2. O BJECTIFS DE LA PRESENTE ETUDE

2.2. Problématiques de la thèse

La clef de la compréhension et de la prédiction des variations démographiques observées au sein d’un écosystème réside dans l’élucidation des mécanismes sous-jacents, opérant souvent à des échelles différentes de celles auxquelles ces variations sont observées. Dans certains cas, ces observations doivent être considérées comme émergentes de comportements collectifs d’un large ensemble d’unités agissant à plus petite échelle (Levin 1992).
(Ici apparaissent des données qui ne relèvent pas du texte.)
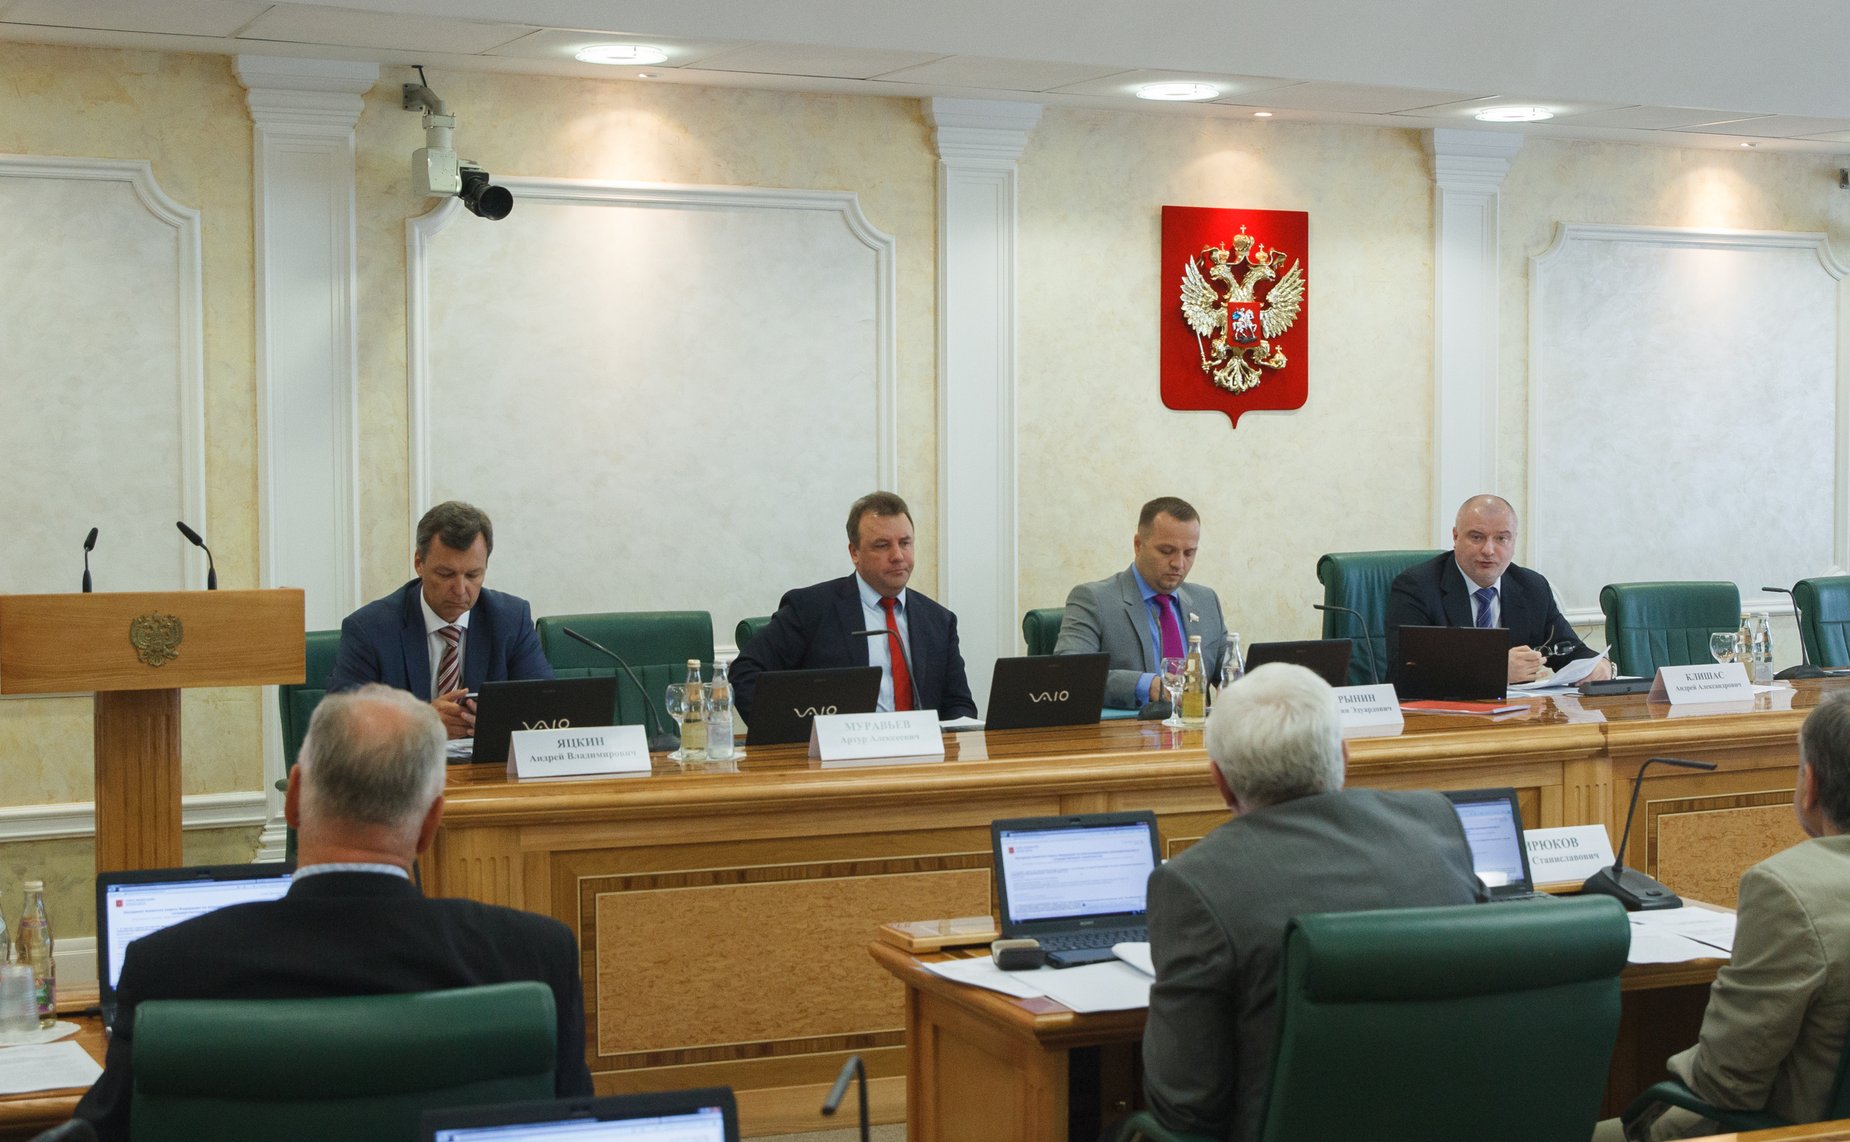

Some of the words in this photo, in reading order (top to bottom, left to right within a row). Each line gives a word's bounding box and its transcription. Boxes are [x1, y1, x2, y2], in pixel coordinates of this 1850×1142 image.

[1685, 671, 1725, 681] КЛИШАС
[1698, 682, 1742, 690] Александрович
[1029, 690, 1070, 703] VAIO
[794, 705, 838, 718] VAIO
[845, 719, 911, 731] МУРАВЬЕВ
[557, 736, 605, 749] ЯЦКИН
[840, 735, 868, 746] Артур
[871, 734, 920, 743] Алексеевич
[529, 752, 565, 763] Андрей
[567, 750, 637, 761] Владимирович
[1532, 853, 1600, 865] Станиславович
Il est donc important de décrire les relations alimentaires régissant les flux énergétiques nécessaires au fonctionnement des organismes à différentes échelles : les individus, les espèces, les groupes fonctionnels27 ou les communautés. Les connaissances actuelles des régimes alimentaires des prédateurs apicaux sont encore trop imprécises pour effectuer des prédictions robustes concernant le fonctionnement des écosystèmes et la mise en place de mesures de gestion pertinentes basées sur une approche intégrée. Compte tenu des incertitudes concernant le rôle des prédateurs de niveau trophique élevé dans leur environnement ainsi que l’importance de ces connaissances dans le contexte local, l’objectif général de cette thèse est d’étudier les

relations alimentaires entre les prédateurs apicaux de différents compartiments écologiques. Au vu des connaissances disponibles et des besoins en connaissances locales,

deux compartiments écologiques ont été privilégiés : épipélagique et démersal28 profond avec comme point focal les espèces ciblées ou en interaction avec la petite pêche artisanale. Une approche intégrative d’analyse à différentes échelles (communauté, espèce, individus) a été adoptée afin de décrire les niches trophiques des prédateurs apicaux, développée au travers de trois problématiques :

1- De quelles sources de matière organique dépendent les espèces étudiées ?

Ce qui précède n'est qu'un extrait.